En este punto, se podría llegar a la conclusión de que las mujeres no trabajan de forma remunerada para poder llevar adelante este trabajo de cuidado no remunerado. Pero esto ni siquiera es de esta manera, ya que, si se compara aquellas mujeres que poseen una jornada de trabajo completa de manera remunerada con varones desempleados, las primeras siguen dedicando más tiempo al trabajo de cuidado remunerado- 5,9 horas y 3,2 horas diarias respectivamente. 
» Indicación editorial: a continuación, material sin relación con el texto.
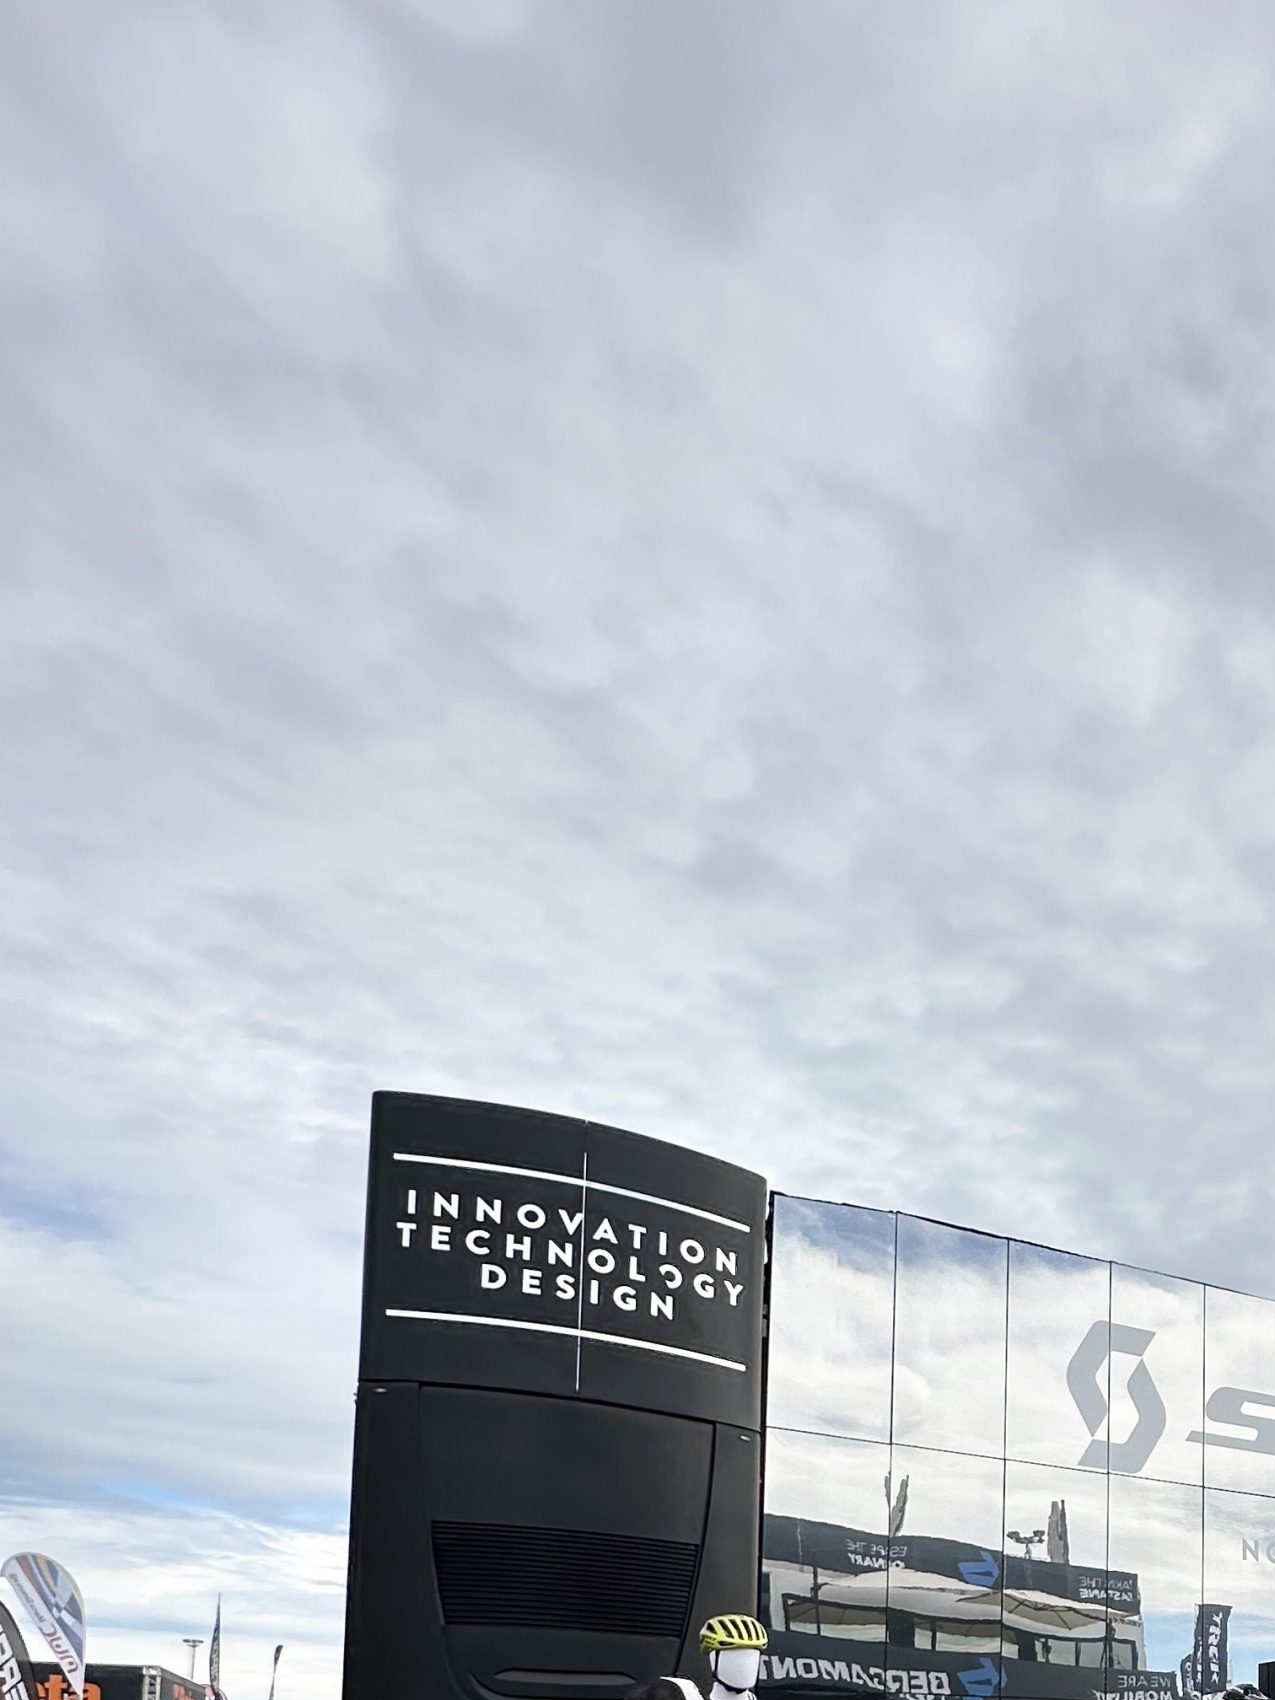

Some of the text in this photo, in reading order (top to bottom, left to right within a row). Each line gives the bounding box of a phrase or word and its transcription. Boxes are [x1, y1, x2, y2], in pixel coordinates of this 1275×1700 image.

Entonces, no se trata de acuerdos explícitos entre el varón y la mujer de una “familia tipo”- cada vez más inexistente-, en el que “yo, mujer, cuido a los chiques” y “yo, varón, salgo a ganar el pan”. Detrás de estas cifras se esconde un problema social muy grande: eso que llaman amor es trabajo no pago.

Ahora, y volviendo al inicio, ¿por qué la pandemia evidenció más que la reproducción de la vida humana está sostenida por el trabajo de cuidado? En primer lugar, porque el Aislamiento Social Preventivo y Obligatorio que implicó el cierre de las escuelas, una de las instituciones más importante en la provisión de servicios de cuidados, tanto por las horas que pasan les chiques en la escuela pero también por la contención social de las aulas y por la provisión de alguna de las cuatro comidas del día.

En segundo lugar, el freno de la actividad económica que golpeó principalmente a les trabajadores informales, que viven de changas, o de la economía popular, e implicó que miles de familias no percibieran los ingresos necesarios para la compra de bienes y servicios fundamentales para su subsistencia.

Además, el “quedarse en casa” agudizó los casos de violencia de género, ya que las personas en situación de violencia no tenían opciones de resguardarse en otras casas o espacios.

Pero el pueblo se organiza rápidamente y se crearon a lo largo y ancho del país redes de contención que garantizaron la supervivencia de las clases populares. De esta manera, se visibilizó un tipo de trabajo de cuidado que existe hace décadas, pero que es deslegitimado socialmente: el trabajo de cuidado comunitario.

Este trabajo de cuidado comunitario asume las mismas características: lo llevan adelante mujeres, de forma gratuita y que además son parte de los estratos de menores ingresos.

Su trabajo tiene un valor social enorme: garantizar la sostenibilidad de la vida de la población más vulnerable. A ellas, les debemos el reconocimiento de poner el cuerpo, arriesgar-y llegar a perder- sus vidas, cuando nadie se animaba a salir ni a la esquina. Eso que llaman actividad comunitaria fue es y será un trabajo esencial.


Natalia Eliçabe es Licenciada en Economía, integrante del Grupo Estudios de Trabajo y Género – UNMdP y estudiante del Magister de Economía Política FLACSO.